RECORDS FOR THE EXERCISE section start

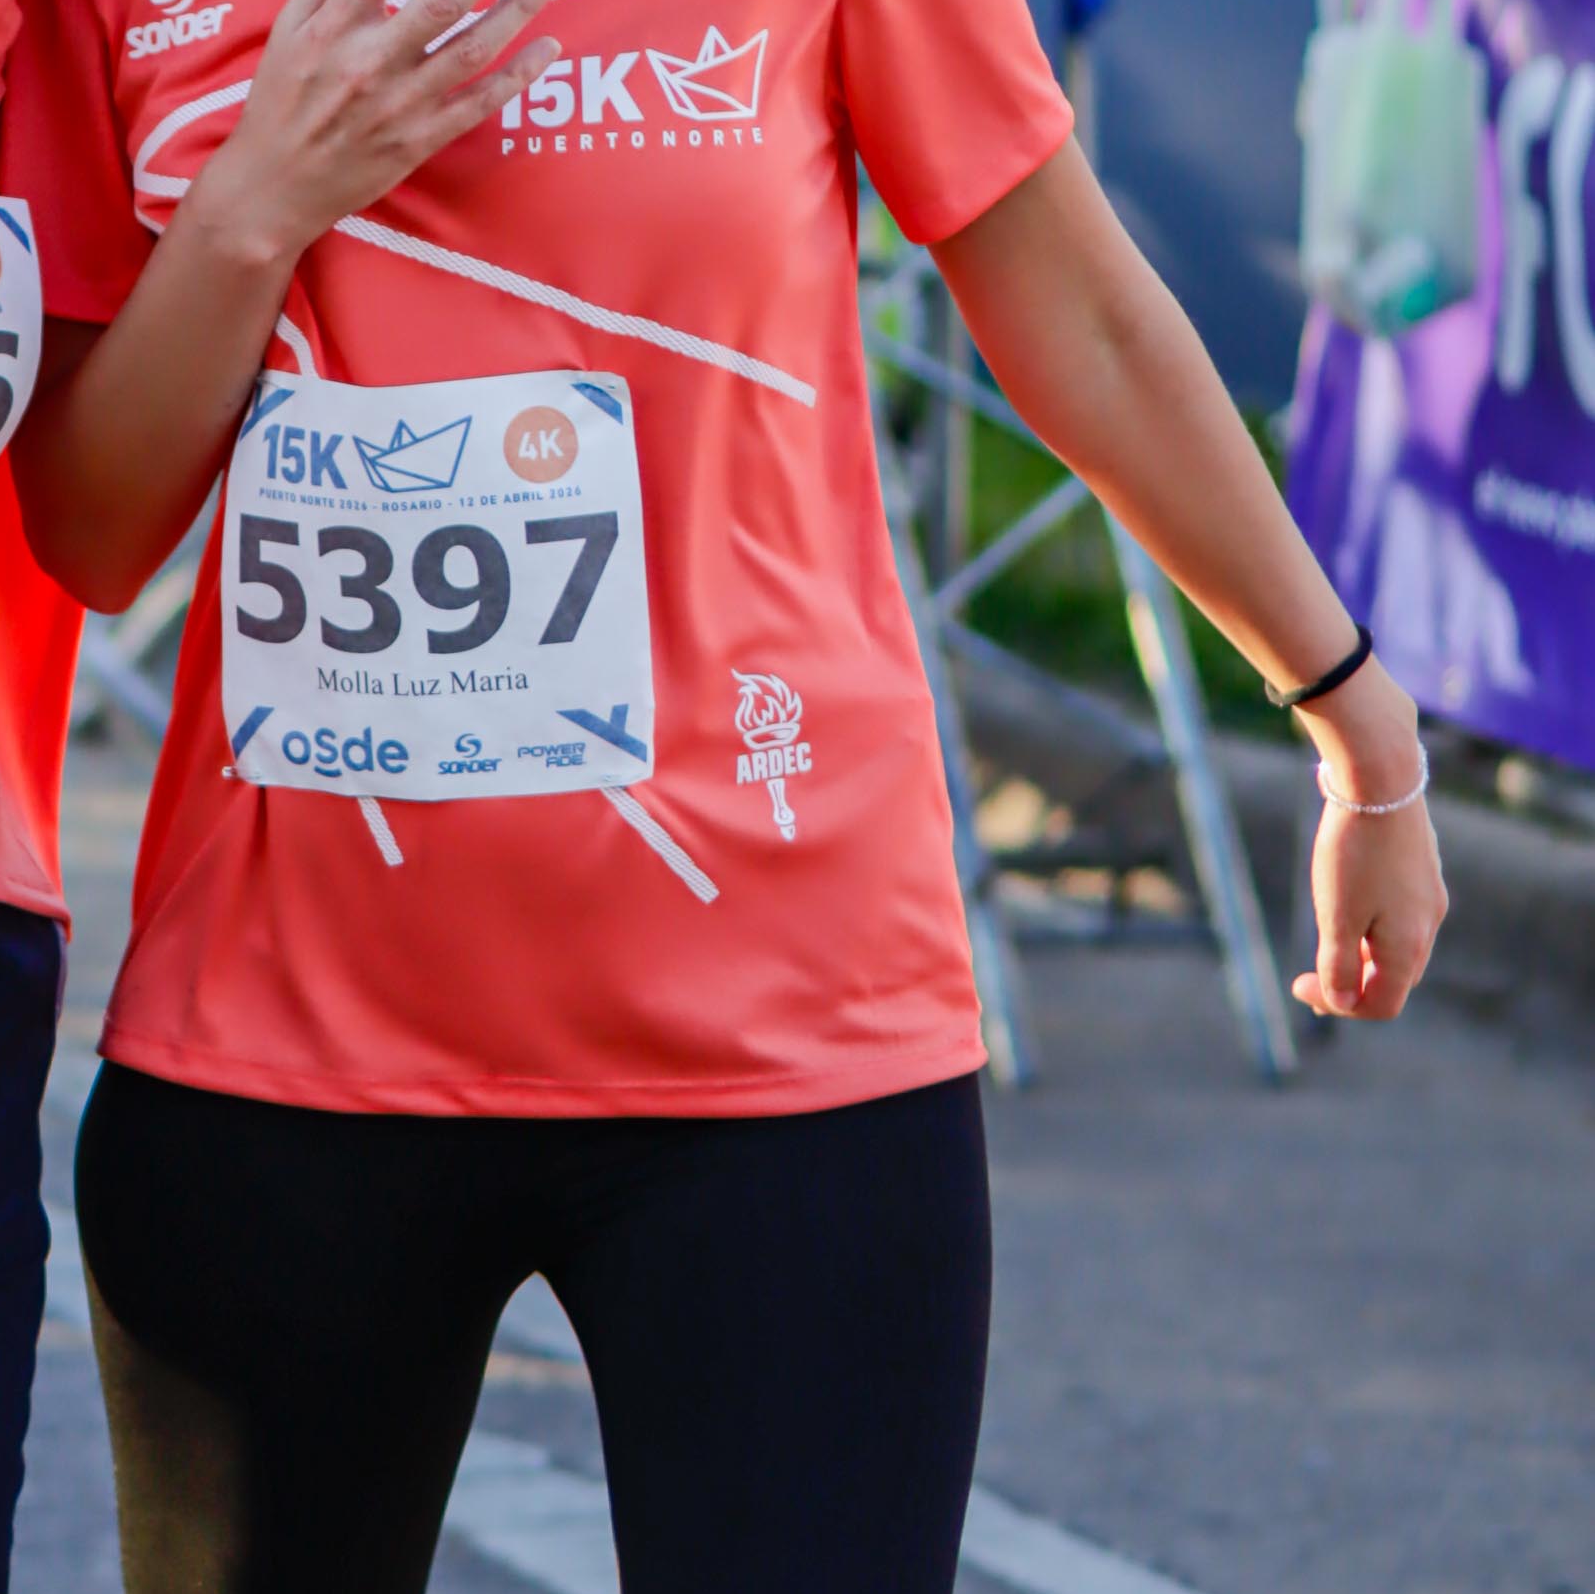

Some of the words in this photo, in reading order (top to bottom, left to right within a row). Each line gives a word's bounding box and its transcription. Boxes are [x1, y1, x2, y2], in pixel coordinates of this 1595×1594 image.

[502, 131, 645, 155] PUERTO
[663, 127, 764, 148] NORTE
[263, 423, 348, 490] 15K
[518, 427, 564, 461] 4K
[259, 487, 296, 503] PUERTO
[300, 495, 335, 509] NORTE
[382, 499, 442, 512] ROSARIO
[459, 496, 474, 508] 12
[480, 495, 497, 506] DE
[503, 490, 543, 504] ABRIL
[549, 485, 582, 499] 2026
[236, 510, 619, 655] 5397
[317, 667, 384, 696] Molla
[392, 672, 442, 697] Luz
[450, 666, 529, 695] Maria
[281, 726, 410, 778] osde
[736, 741, 813, 785] ARDEC

RECORDS FOR THE EXERCISE section end

• **EXERCISE GOAL**
Your output should be the full set of entries above, restated word for word and free of pictures.

• **ANSWER TO THIS PROBLEM**
Some of the words in this photo, in reading order (top to bottom, left to right within a row). Each line gives a word's bounding box and its transcription. Boxes are [x1, y1, x2, y2], in pixel coordinates of this 1595×1594 image.

[502, 131, 645, 155] PUERTO
[663, 127, 764, 148] NORTE
[263, 423, 348, 490] 15K
[518, 427, 564, 461] 4K
[259, 487, 296, 503] PUERTO
[300, 495, 335, 509] NORTE
[382, 499, 442, 512] ROSARIO
[459, 496, 474, 508] 12
[480, 495, 497, 506] DE
[503, 490, 543, 504] ABRIL
[549, 485, 582, 499] 2026
[236, 510, 619, 655] 5397
[317, 667, 384, 696] Molla
[392, 672, 442, 697] Luz
[450, 666, 529, 695] Maria
[281, 726, 410, 778] osde
[736, 741, 813, 785] ARDEC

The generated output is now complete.